It’s been a hectic week at The Havens, and for the first time this year I am going to go floating.   I can’t believe it is almost June and I haven’t been on the river yet.   But the fall I took in January and the subsequent months of healing of my hip made the idea of getting into a canoe for any stretch of time an idea that held no prospect of pleasure for me.  That has finally changed, my nerves seem to be 95% healed.

Then, right about the time my body was starting to say I could go floating, through no fault of my own, my canoe got wrecked.  It is being repaired still, I think, I don’t really know.   But there will be a canoe available for me today.   I could go on and on about that whole situation, but I really don’t have a lot of time for this.

I pre-posted my t-shirt and photohunt posts, knowing that if I didn’t there woudn’t be posts at all.   I barely got on the internet at all the last couple of days.

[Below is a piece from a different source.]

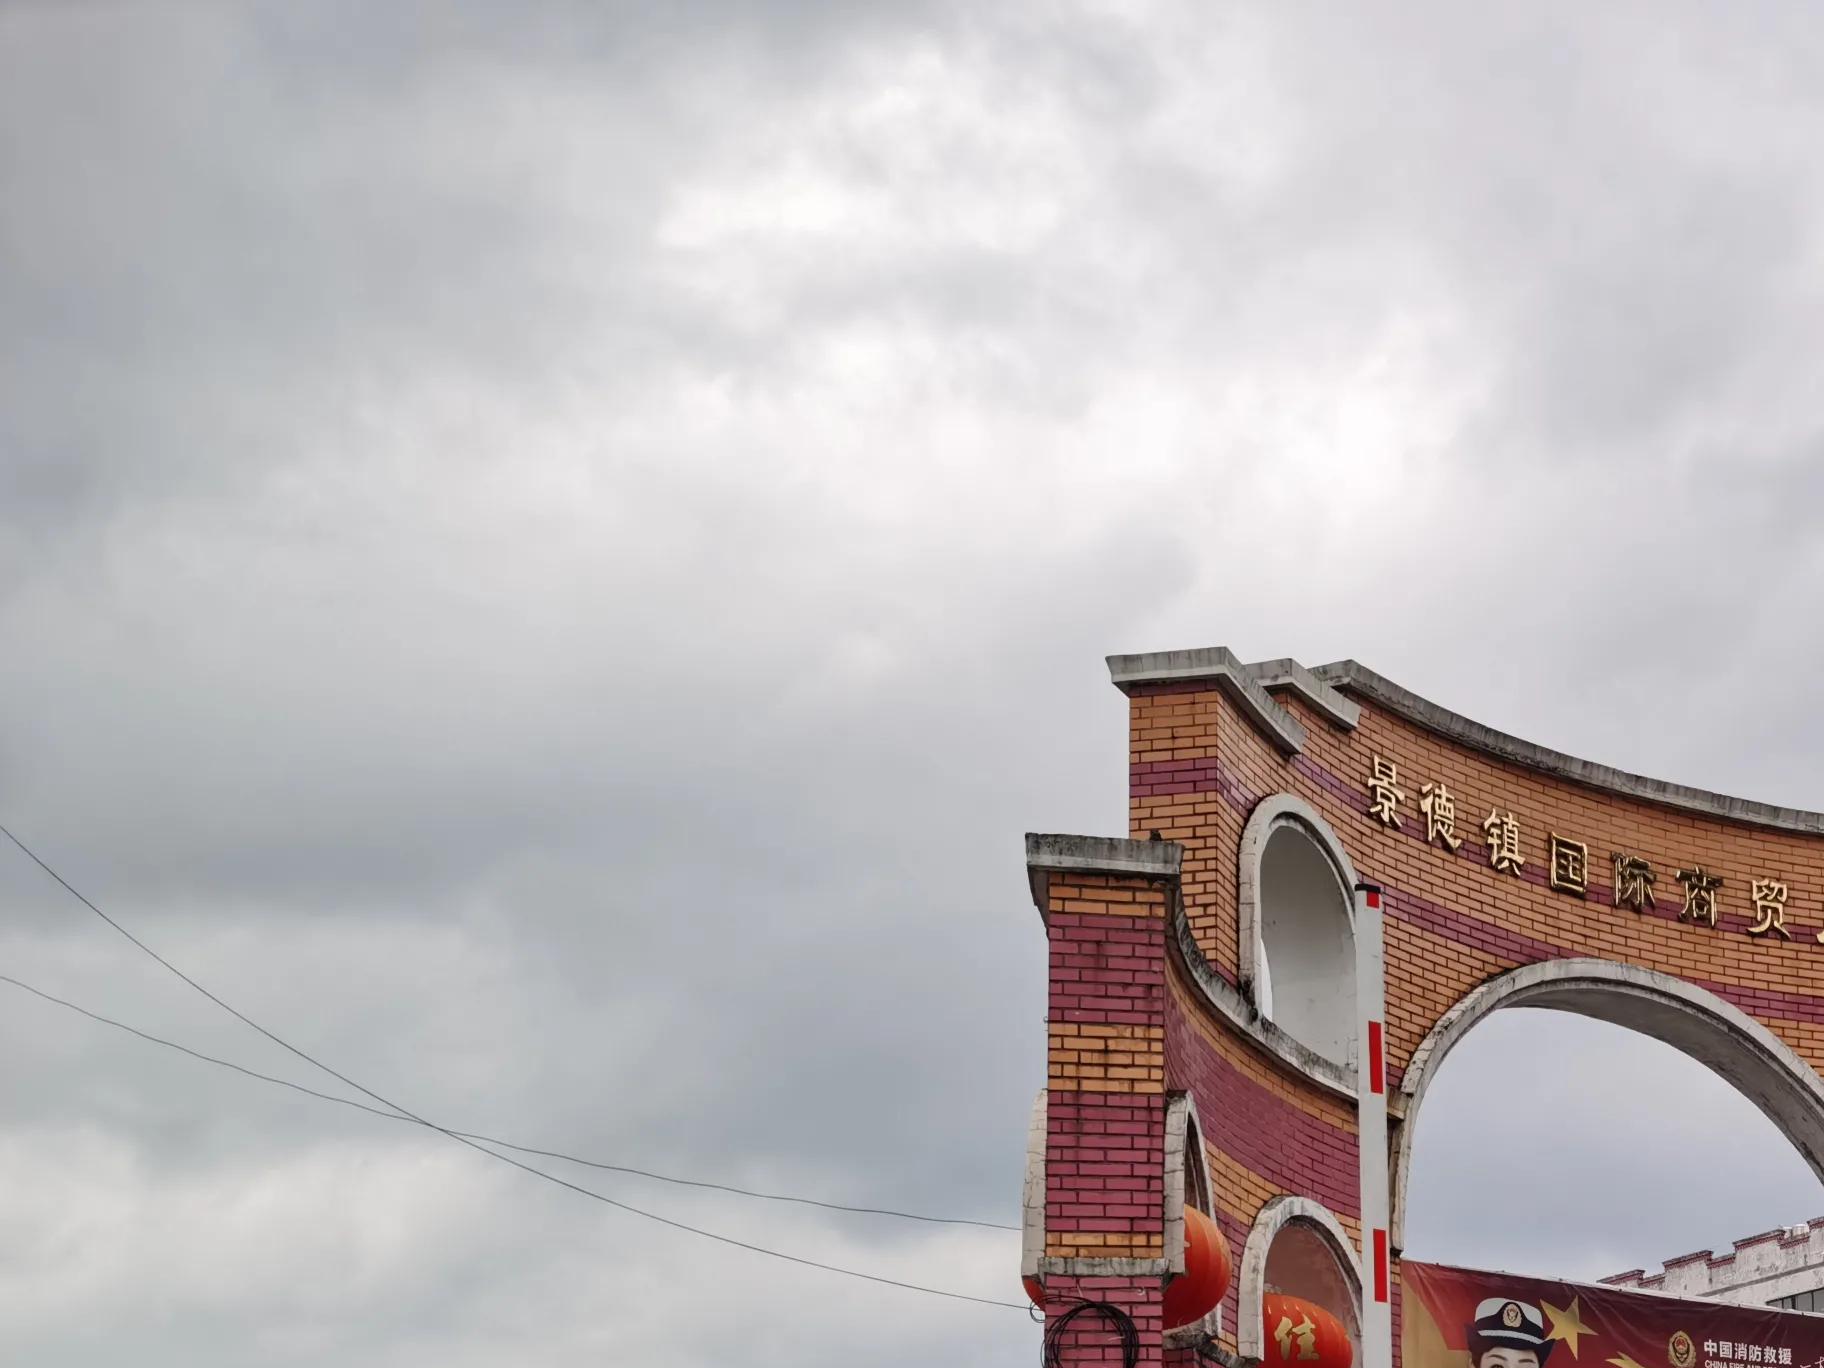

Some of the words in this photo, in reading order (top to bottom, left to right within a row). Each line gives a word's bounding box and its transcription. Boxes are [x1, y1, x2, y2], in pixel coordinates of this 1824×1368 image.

[1274, 1314, 1320, 1360] 佳
[1703, 1339, 1793, 1365] 中国消防救援

So what have I been doing, you might ask?   We own a house (right across the street) which we rent out.   When it is occupied, it breaks even.   If it is empty, it is a money pit.  As I mentioned previously, our tenants left and we have been trying to get it ready to rent.   We have been doing this with a dearth of money so our savings account has been suffering greatly in the process.  There is an inspection process you have to go through with the city in order to legally install tenants in a unit, and one of their requirements (in addition to requiring that the unit have floors in it) is that there must be hot water available.  Once we got the propane tank refilled and the lines to the house pressure checked, that was when we discovered that sometime in the past the hot water tank had died.

We cleaned the carpets in the place without propane in the tank, so we were unaware of the problem with the hot water heater.   Once that process had been completed, I had a fairly busy massage week and besides Jim was dealing with the hot water tank issue so I didn’t feel any great compulsion to get my butt over there and finish the cleaning of the house.   Besides, he was still cleaning the residue of the chickens out of the basement.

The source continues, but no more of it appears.